• What the task asks:
Transcribe every entry that follows exactly, omitting all pictures.
(Beginning of Extracted material)
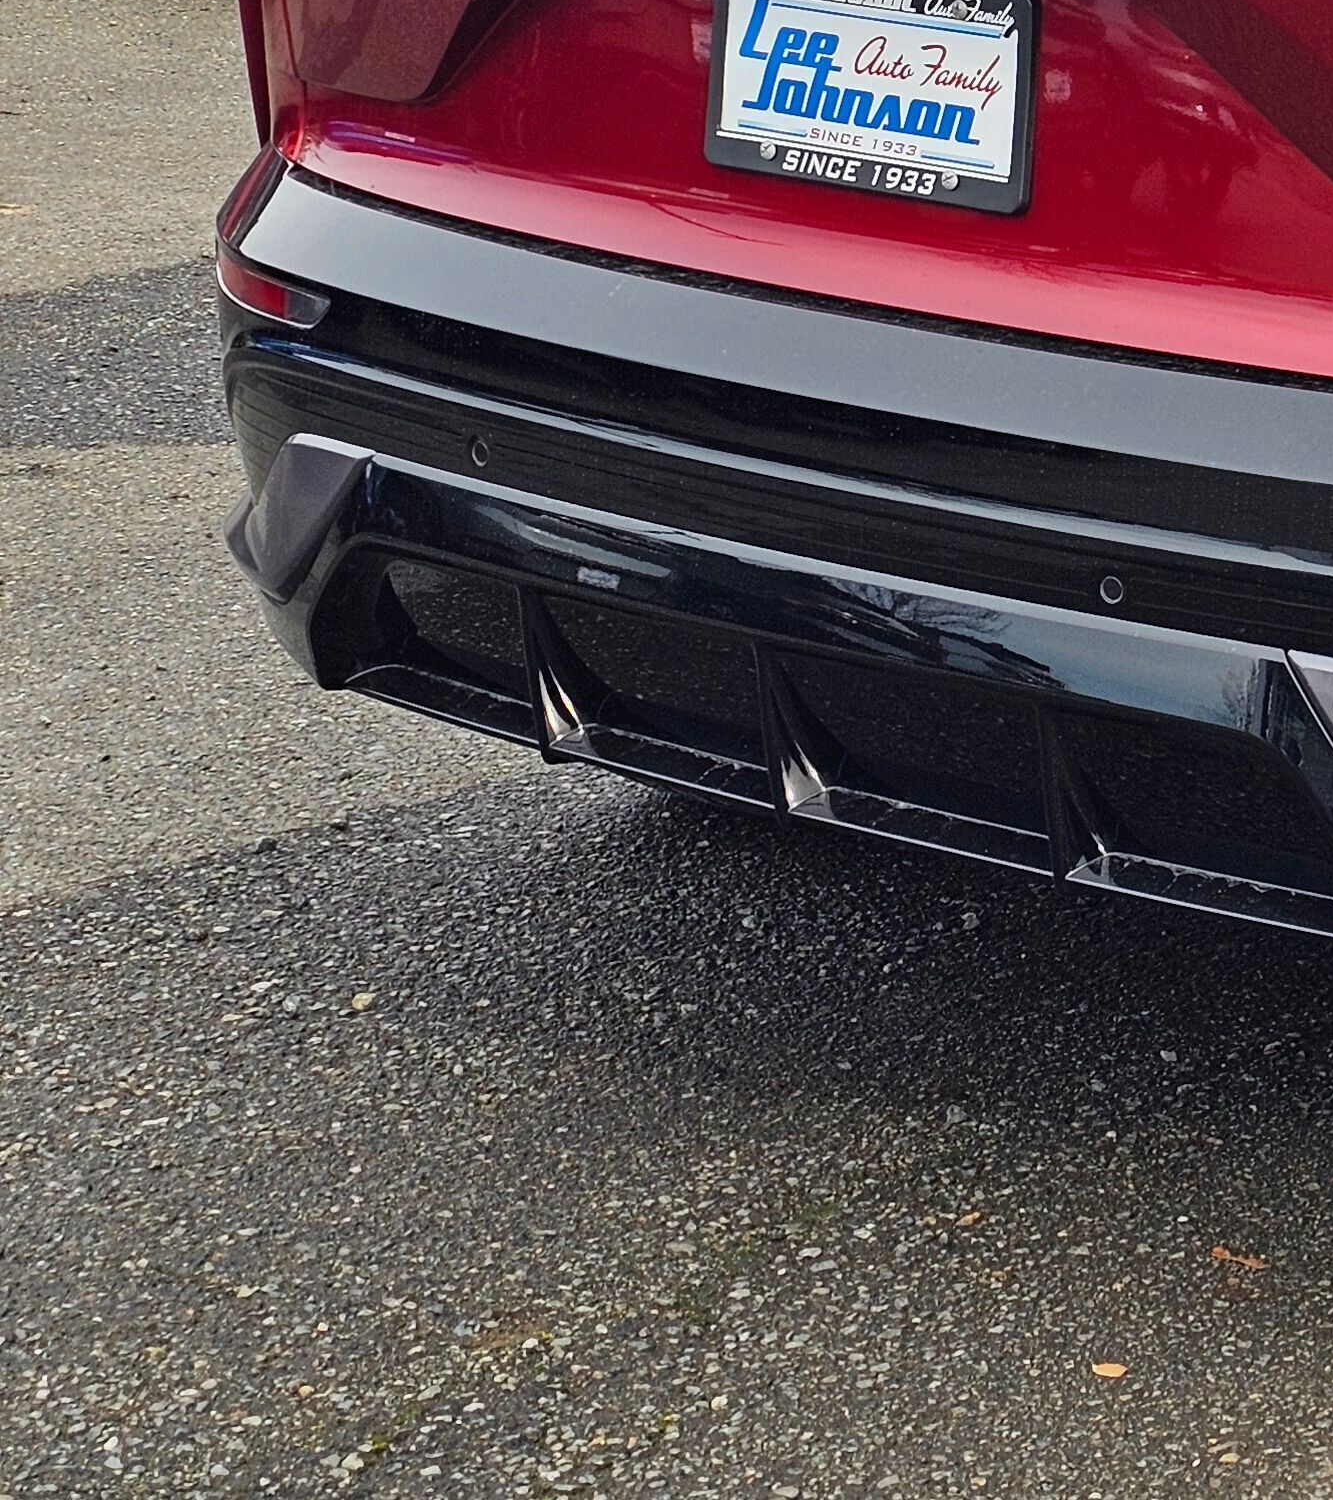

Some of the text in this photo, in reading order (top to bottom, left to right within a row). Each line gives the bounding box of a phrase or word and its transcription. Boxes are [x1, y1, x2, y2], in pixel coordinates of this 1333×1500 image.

[742, 56, 980, 146] Johnson
[854, 36, 1003, 112] Auto Family
[782, 149, 937, 197] SINCE 1933
[808, 127, 919, 157] SINCE 1933
(End of Extracted material)
• Response area:
Some of the text in this photo, in reading order (top to bottom, left to right within a row). Each line gives the bounding box of a phrase or word and its transcription. Boxes are [x1, y1, x2, y2], in pixel coordinates of this 1333×1500 image.

[742, 56, 980, 146] Johnson
[854, 36, 1003, 112] Auto Family
[782, 149, 937, 197] SINCE 1933
[808, 127, 919, 157] SINCE 1933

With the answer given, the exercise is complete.